Un altro fiore spezzato.
Avevi solo 19 anni, Sefora; pochi, ma alla droga e ai suoi mercanti questo non interessa.
Ti hanno calpestata, ti hanno rubato il sorriso, i sogni di bambina, la speranza di giovane donna. Nelle vene ti hanno fatto scorrere l'inverno, il gelo di giornate troppo corte, il buio che ti entra dentro già dalla mattina.
Il tuo fiore, insomma, non ha visto il sole e non ha avuto il tempo di sbocciare.
Perdonami Sefora. Perdonaci. È anche colpa mia. È anche colpa nostra.
Forse non abbiamo alzato abbastanza la voce per denunciare che a strappare lentamente i petali del tuo cuore non erano solo i custodi dell'inferno di Scampia, ma anche certe Istituzioni che qui in Basilicata non stanno muovendo un dito per riorganizzare il Sistema di Assistenza ai tossicodipendenti, per emanare i nuovi Requisiti minimi standard per l'autorizzazione al funzionamento e all'accreditamento dei servizi privati di assistenza, per decidere come utilizzare i soldi del Fondo Ministeriale di Lotta alla droga. Insomma, non siamo capaci di far capire loro che non c'è più tempo.

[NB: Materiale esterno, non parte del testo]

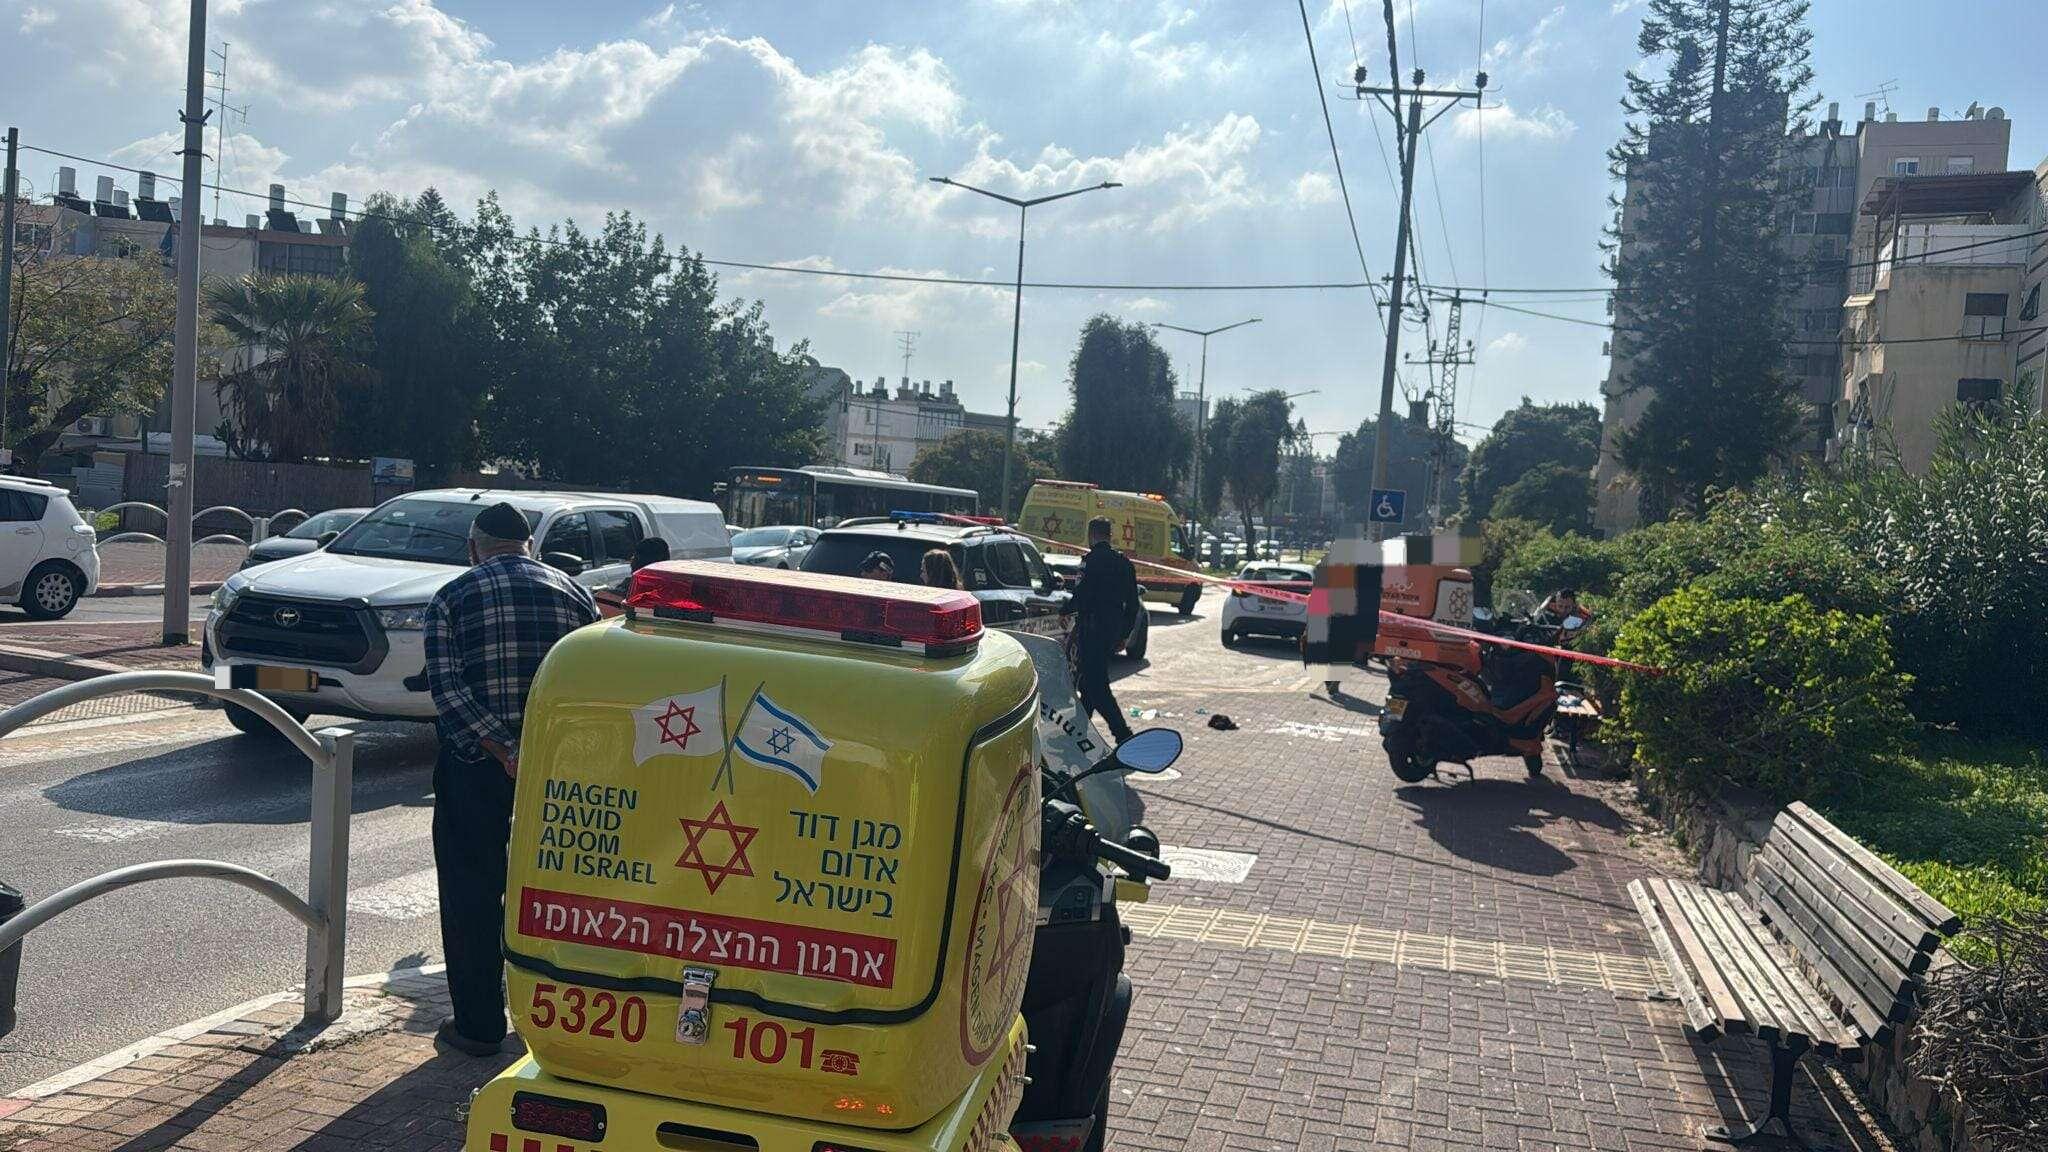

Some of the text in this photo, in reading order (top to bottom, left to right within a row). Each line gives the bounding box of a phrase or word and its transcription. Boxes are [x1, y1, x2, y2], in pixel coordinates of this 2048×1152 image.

[544, 778, 638, 810] MAGEN
[542, 802, 622, 831] DAVID
[789, 810, 902, 850] מגן דוד
[539, 825, 620, 856] ADOM
[537, 848, 658, 886] IN ISRAEL
[821, 849, 899, 885] אדום
[773, 870, 893, 919] בישראל
[532, 901, 886, 982] ארגון ההצלה הלאומי
[530, 982, 648, 1043] 5320
[724, 1016, 816, 1069] 101
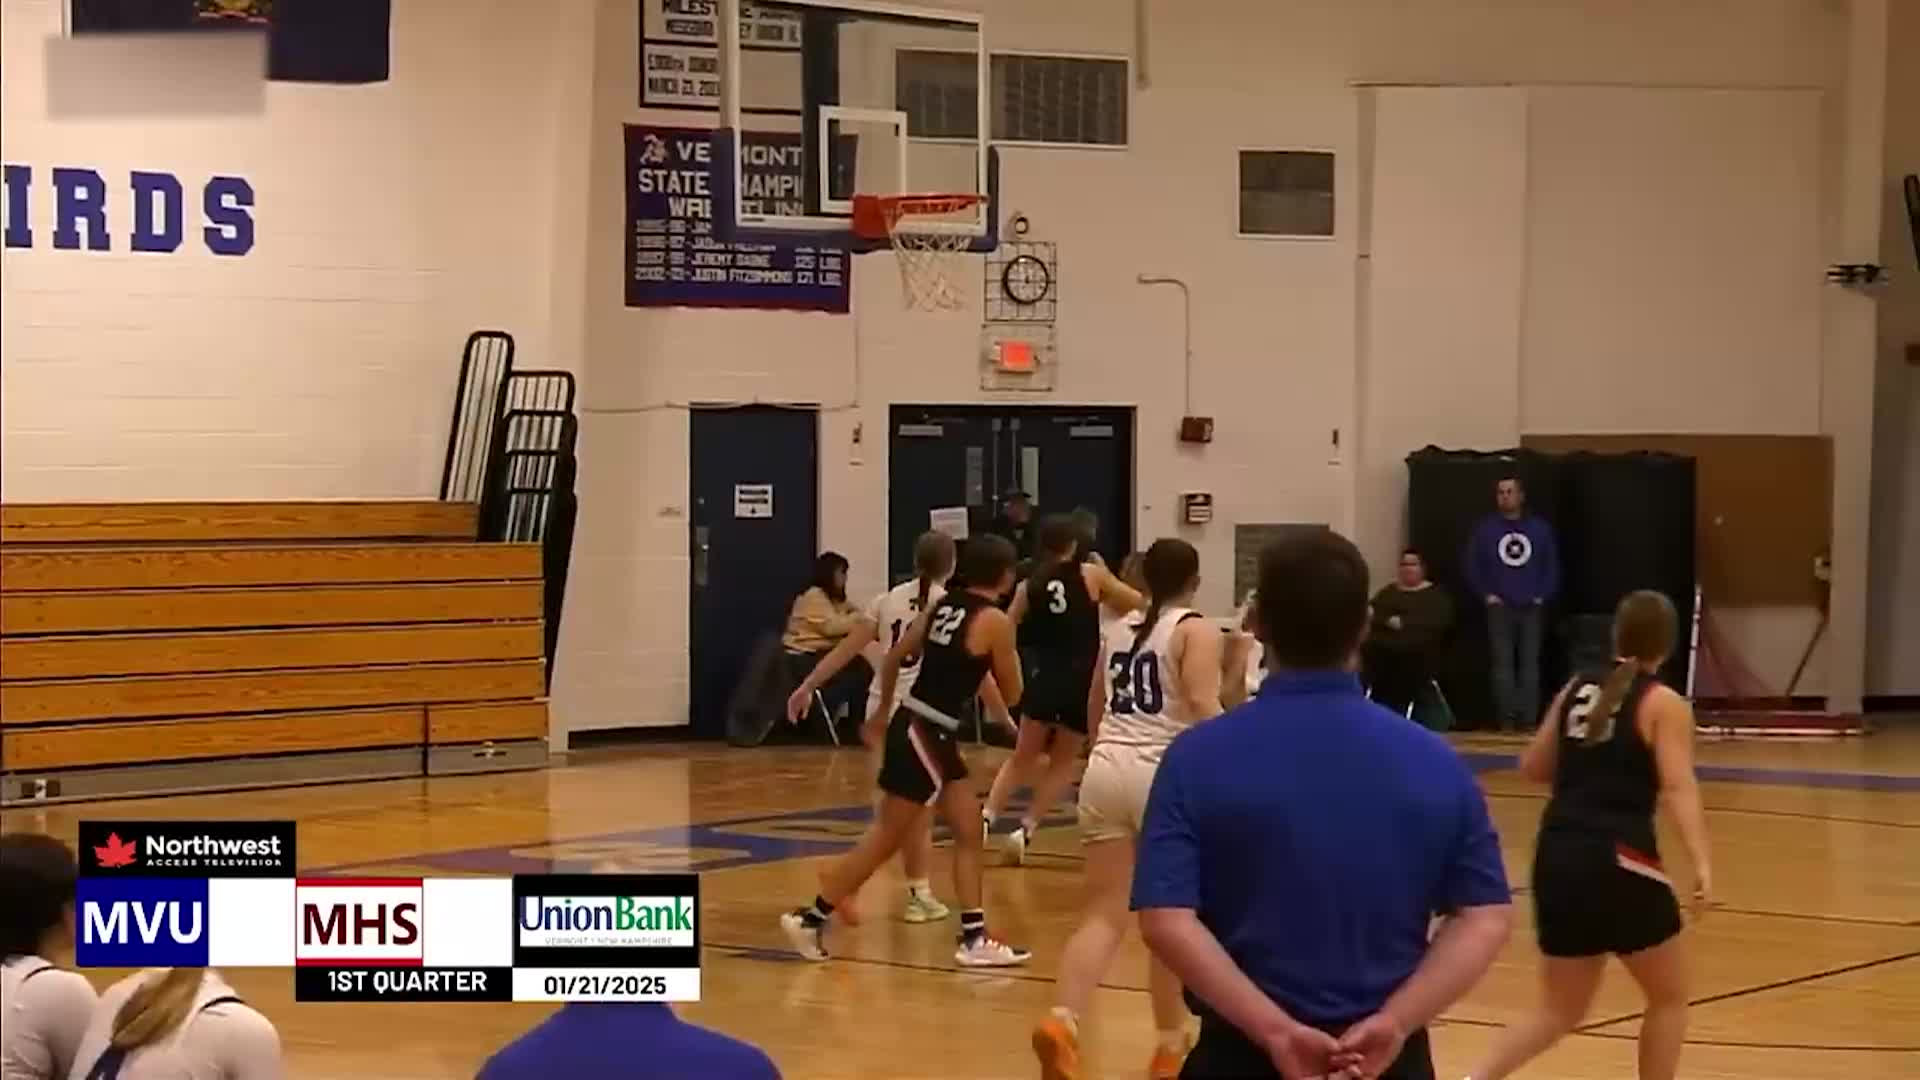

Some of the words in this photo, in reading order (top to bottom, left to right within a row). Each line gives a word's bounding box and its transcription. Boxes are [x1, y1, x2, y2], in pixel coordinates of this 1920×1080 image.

[638, 168, 711, 195] STATE
[1047, 579, 1067, 614] 3
[928, 605, 967, 646] 22
[1109, 650, 1163, 714] 20
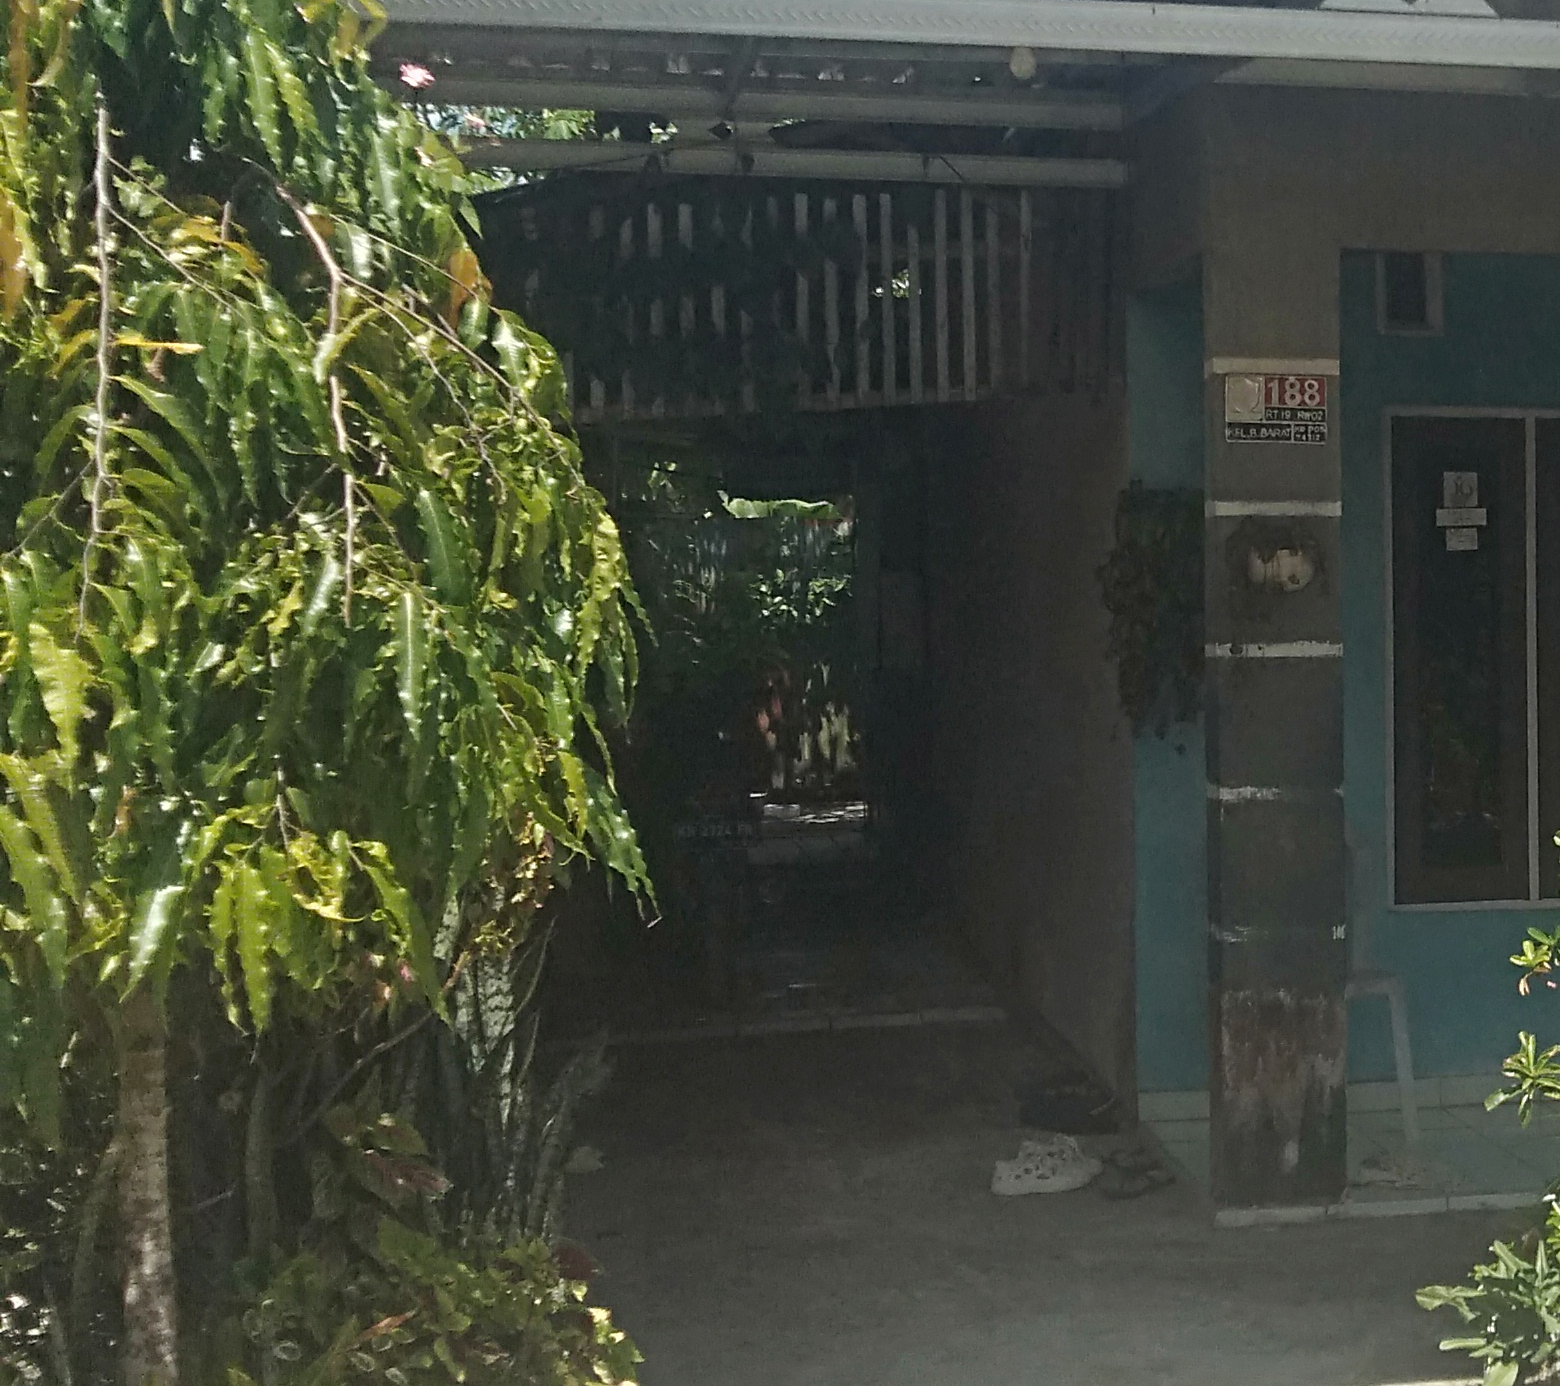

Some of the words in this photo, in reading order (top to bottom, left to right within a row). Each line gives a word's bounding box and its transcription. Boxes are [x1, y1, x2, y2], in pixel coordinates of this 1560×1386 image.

Ma non siamo neanche riusciti a far comprendere a certi Dirigenti di certe Amministrazioni locali che non ti avremmo mai incontrato dinanzi ai bar alle sette di sera, e che non ti avremmo mai incrociato negli sportelli informativi sui giovani, come invece loro ci chiedevano di fare.
Non siamo stati sufficientemente credibili quando dicevamo che per strada, solo per strada, ti avremmo conosciuto. Non abbiamo alzato la voce quando dicevamo che tagliarci i servizi sulla strada significava non avere più la possibilità di incontrarti. Siamo stati zitti quando in questo ultimo mese le nostre strade le abbiamo viste affollarsi da tante facce sorridenti, messe le une accanto alle altre in modo talmente asfissiante e opprimente che alla fine non ci siamo più chiesti dove avremmo potuto incrociare il tuo volto, il tuo sguardo, e magari, anche il tuo sorriso.
Ed infine, io prete non sono stato abbastanza convincente a far capire alla mia Chiesa che se ora l'Eterno Padre ti sta spalancando i portoni d'oro della sua Casa, a maggior ragione avremmo dovuto fare di più per aprirti le porte spesso cigolanti delle nostre comunità.
Hai un nome stupendo, Sefora; è biblico, viene dall'ebraico: significa "uccellino che porta la pace". La terra ti ha spezzato le ali, ma ora che hai preso a volare per il più alto dei cieli, non fermarti più, inebriati di quella pace che qui hai tanto cercato, e se ti è possibile, appena hai un po' di tempo per noi, portaci un po' di quella Pace.
Perché questa nostra regione, che sta diventando sempre più un cimitero di giovani vite, torni a diventare un giardino nel quale veder crescere i nostri fiori più belli.